**WORK REQUIRED**
Retype each line of the material below word for word; pictures stay out.

**RECORDS FOR THE TASK**
┌──
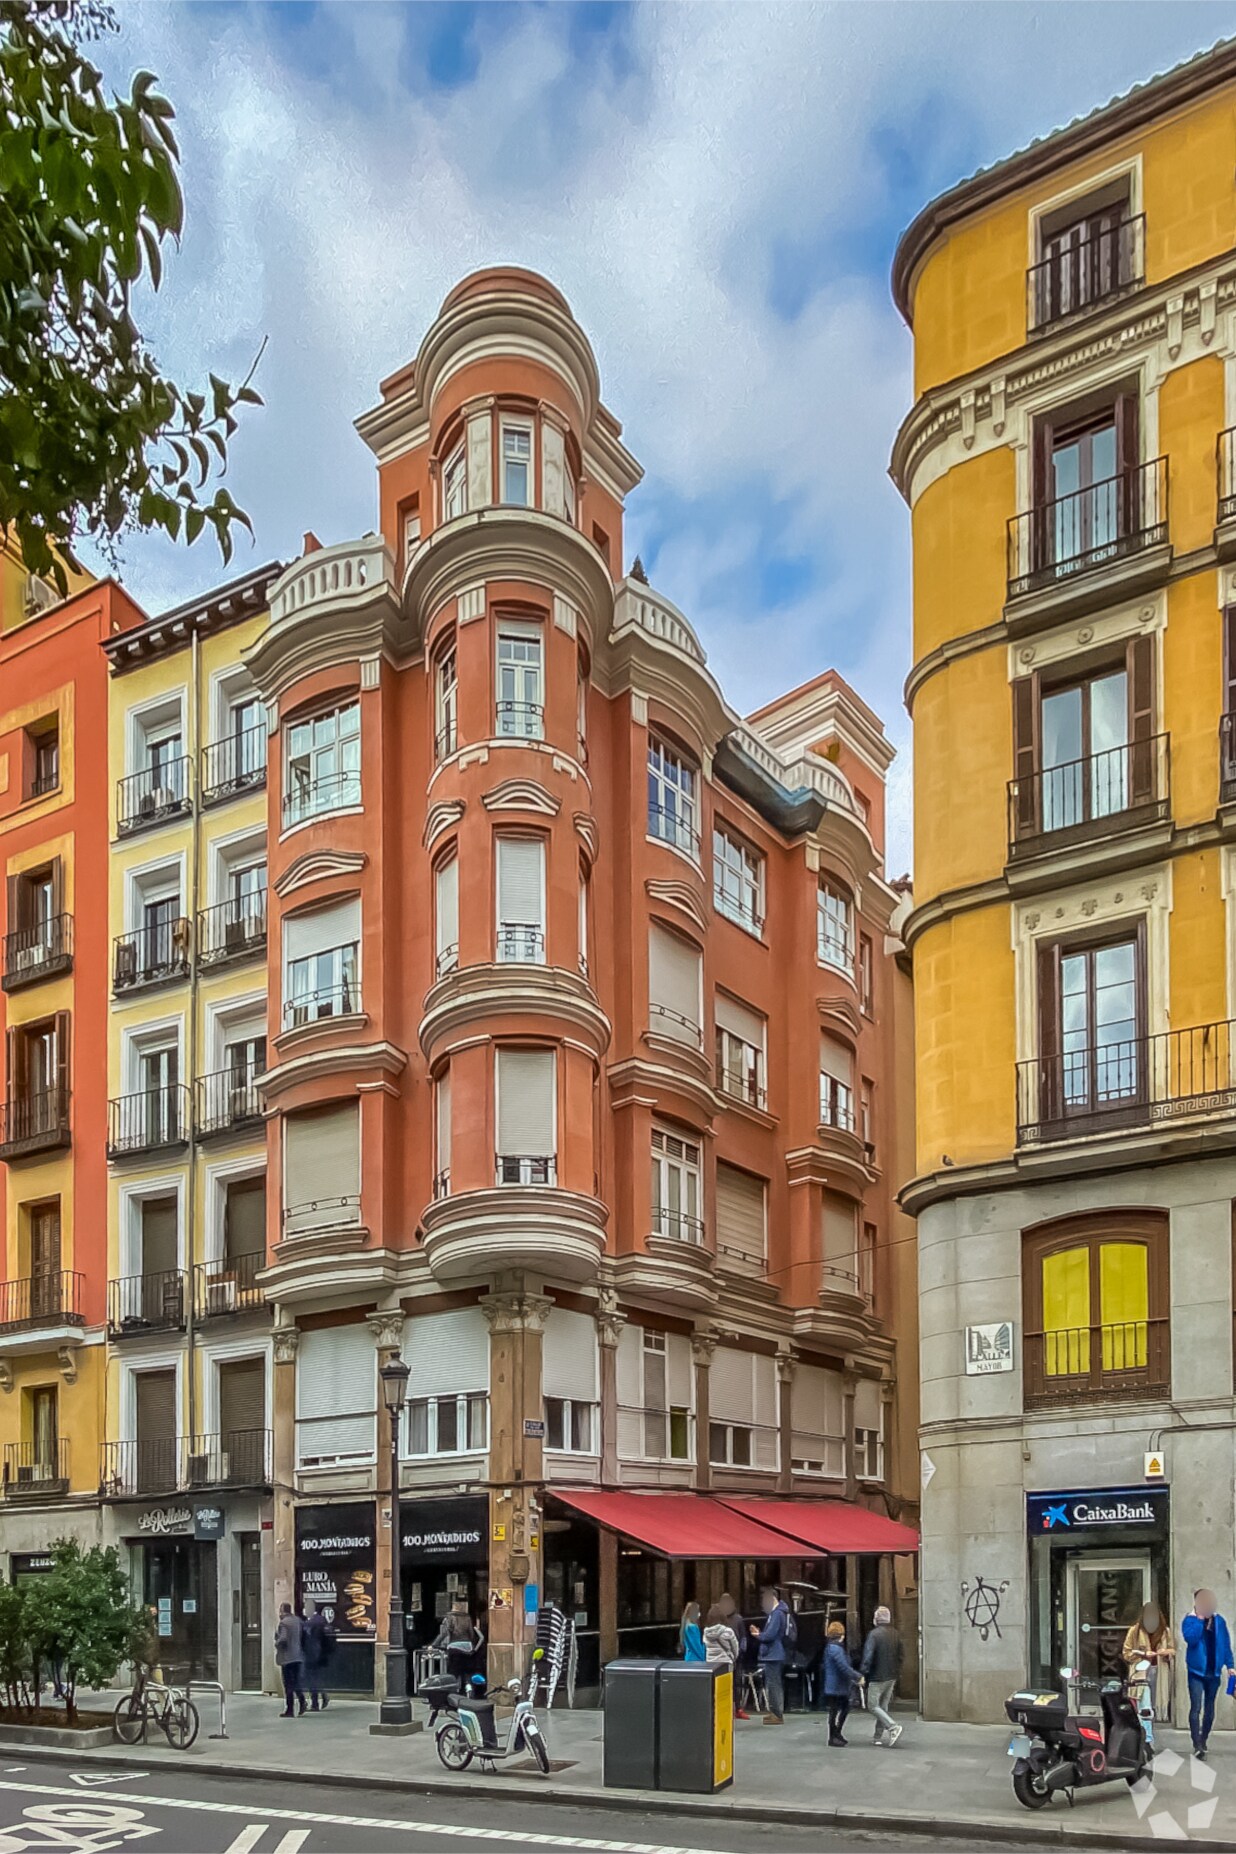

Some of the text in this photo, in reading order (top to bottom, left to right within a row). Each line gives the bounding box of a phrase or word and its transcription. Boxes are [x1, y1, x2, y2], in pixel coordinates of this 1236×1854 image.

[977, 1361, 1002, 1372] MAYOR
[1073, 1502, 1155, 1521] CaixaBank
[300, 1540, 318, 1550] 100
[402, 1535, 421, 1546] 100
[302, 1571, 328, 1582] EURO
└──
**SOLUTION TO THE EXERCISE**
Some of the text in this photo, in reading order (top to bottom, left to right within a row). Each line gives the bounding box of a phrase or word and its transcription. Boxes are [x1, y1, x2, y2], in pixel coordinates of this 1236×1854 image.

[977, 1361, 1002, 1372] MAYOR
[1073, 1502, 1155, 1521] CaixaBank
[300, 1540, 318, 1550] 100
[402, 1535, 421, 1546] 100
[302, 1571, 328, 1582] EURO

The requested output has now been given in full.